[FOM] Foundational Challenge
Timothy Y. Chow
tchow at math.princeton.edu
Fri Jan 24 20:50:23 EST 2020
Jamie Gabbay wrote:
> * Readers, even experienced ones, tend to treat meta-theorems of
> fields that they are unfamiliar with, with suspicion. So
> specifically, even if a meta-theorem is true of ZF(A), the burden of
> explaining to a randomly-chosen reader/referee what a FOM
> meta-theorem even is (if required), and then convincing them that
> this particular meta-theorem should be believed, sucks air away from
> the interesting maths. I've spent too much of my career trying to
> make meta-theorems look easy, and they're just not: a good
> meta-theorem tends to express a deep understanding of the global
> structure of a theory, and this is not necessarily something a reader
> can pick up in a hurry, unless they are very practised.

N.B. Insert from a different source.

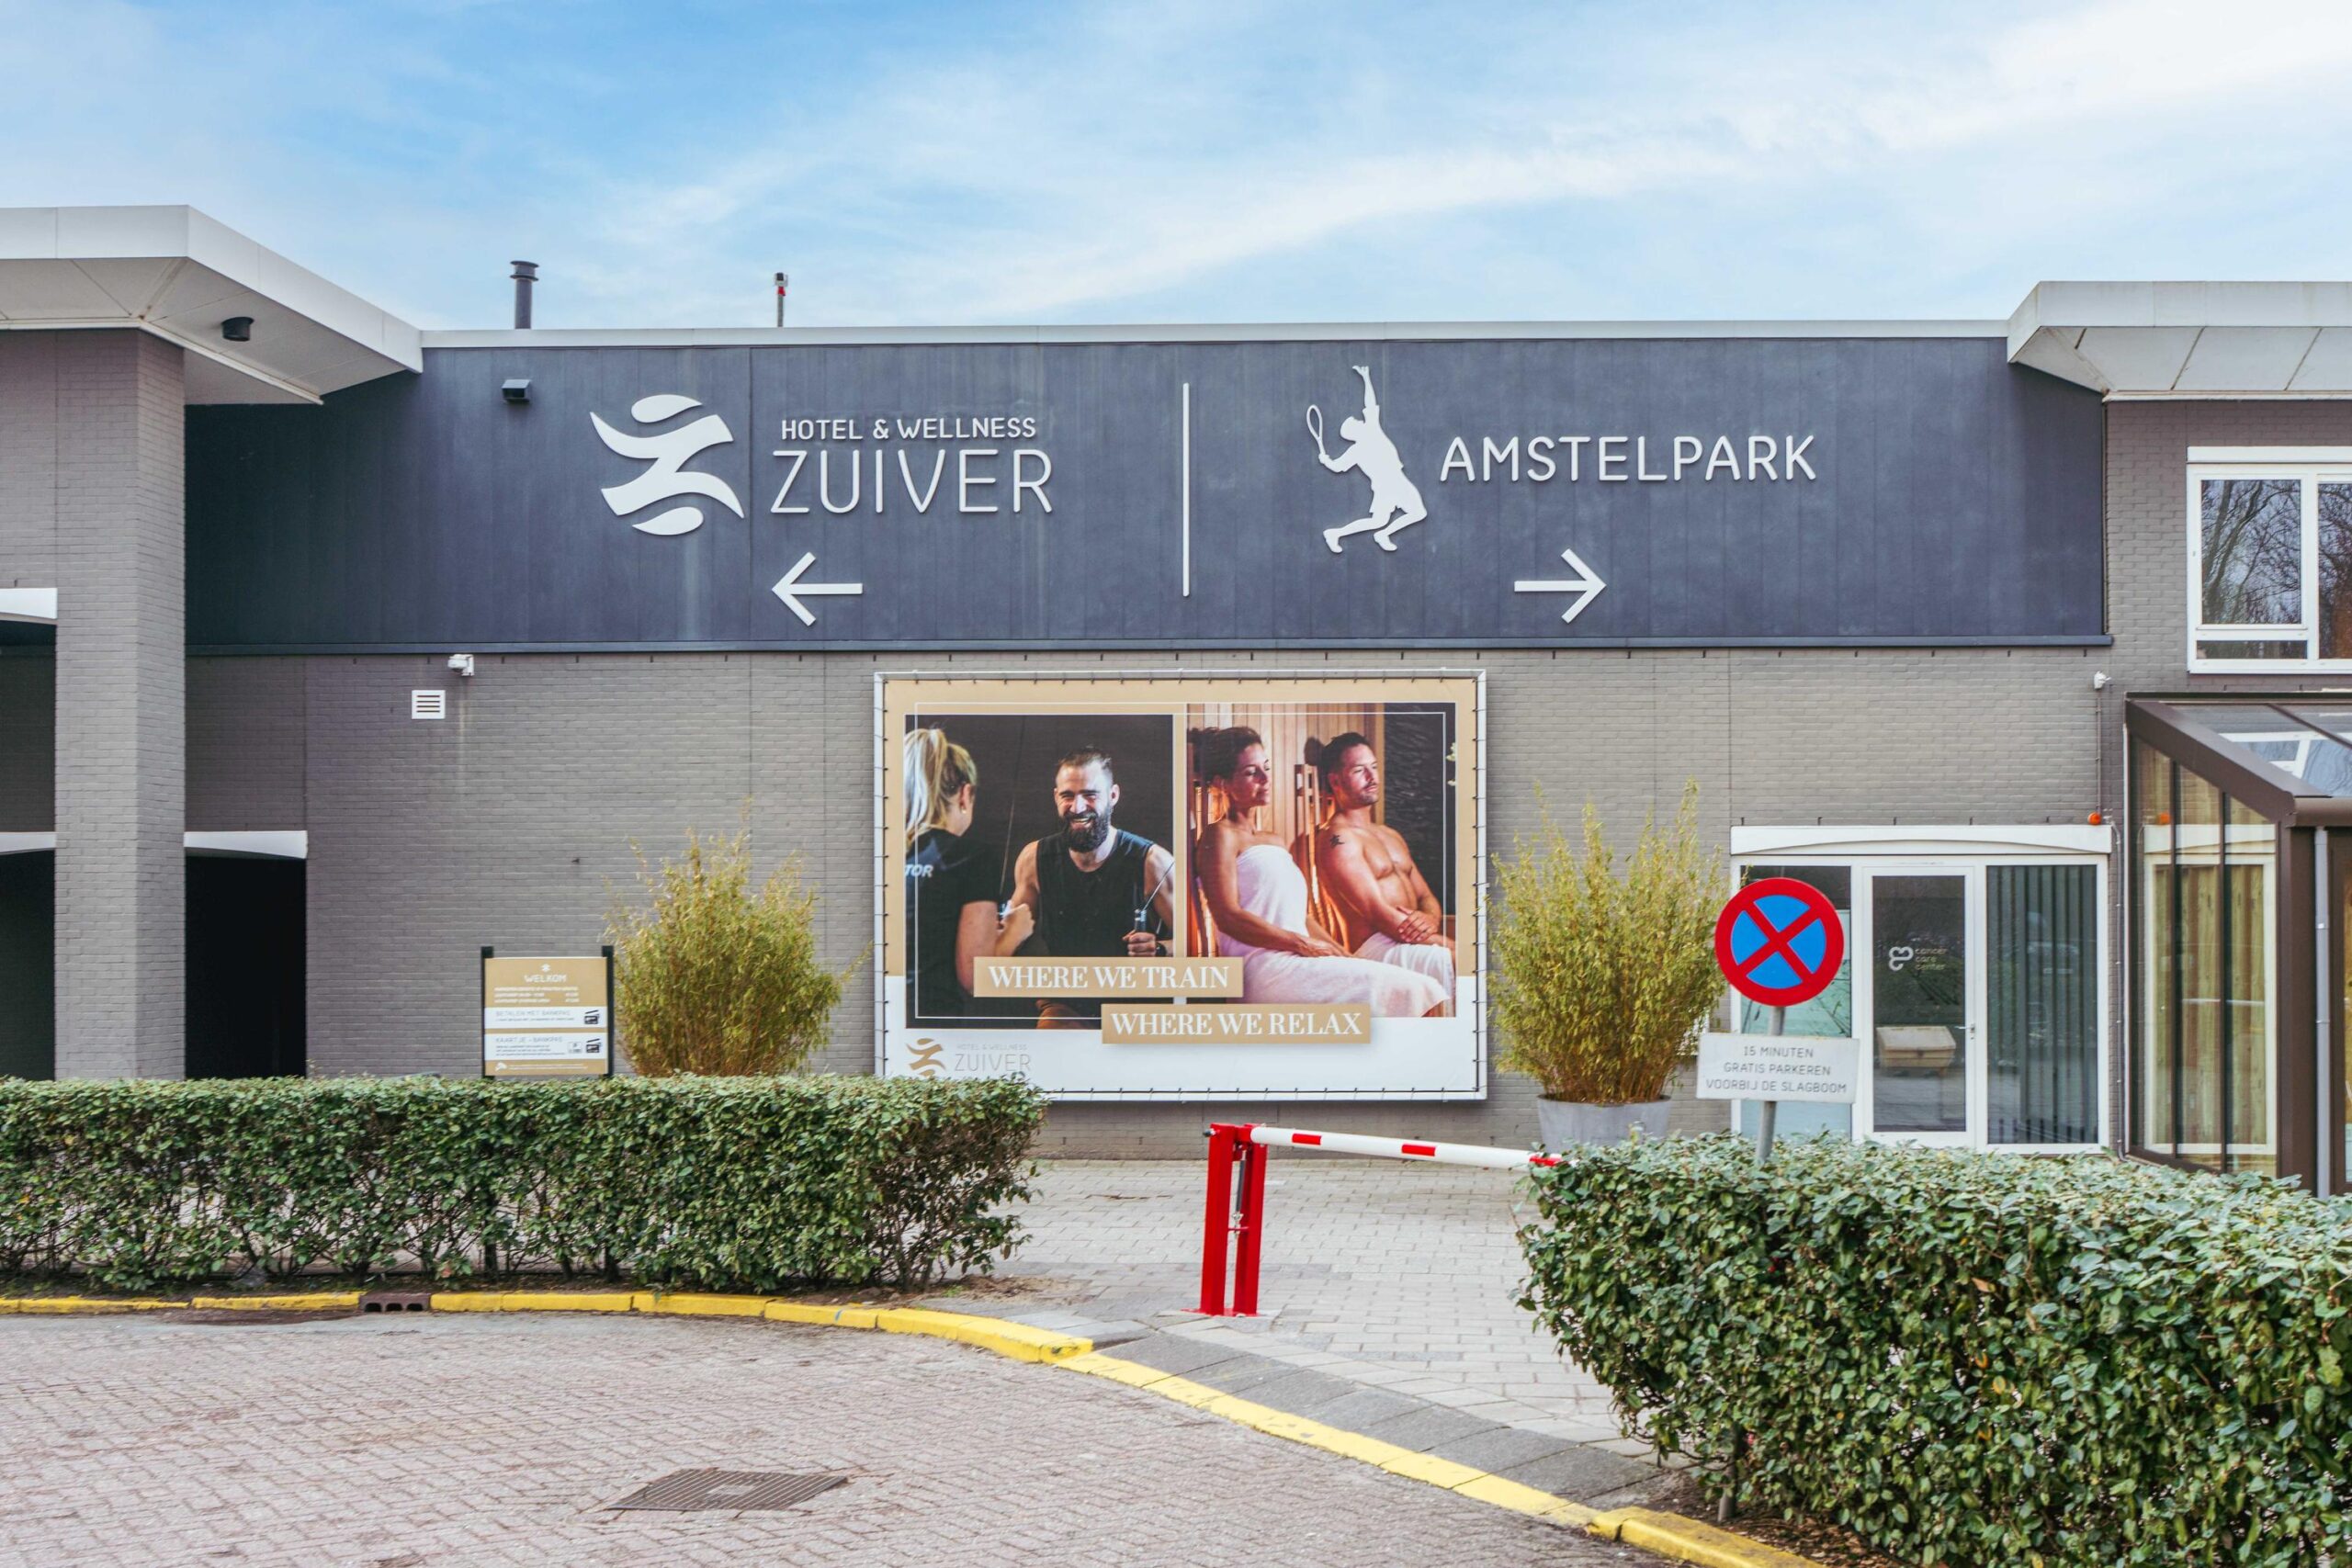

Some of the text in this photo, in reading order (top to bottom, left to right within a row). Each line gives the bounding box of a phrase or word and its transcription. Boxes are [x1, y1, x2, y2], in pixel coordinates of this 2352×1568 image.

I have not taken the time to understand Gabbay's paper in detail, but I
want to say that the above observations about metatheorems is a very
important one that is often under-appreciated by those who have not
"gotten their hands dirty" with actually proving metatheorems in gory
detail.
Joe Shipman himself has made this point in other contexts on FOM before,
when he objects to certain overly breezy statements by some mathematicians
that something is "easy for experts to see," and when he pointedly asks
for a precise metatheorem. It is true that if we want to be rigorous then
we need the metatheorem. On the other hand, in defense of the breezy
mathematicians, often there isn't a single metatheorem that one can prove
once and for all that will cover every future contingency. It often takes
a non-trivial amount of work, and it's almost entirely uninteresting work
from a mathematical point of view.
Similarly, there's a certain danger of being too breezy when asserting
that certain things are "easy to do" in ZF, if we're claiming that it is
not only easy in principle but easy in practice for the person who is
tasked with getting the computer to agree.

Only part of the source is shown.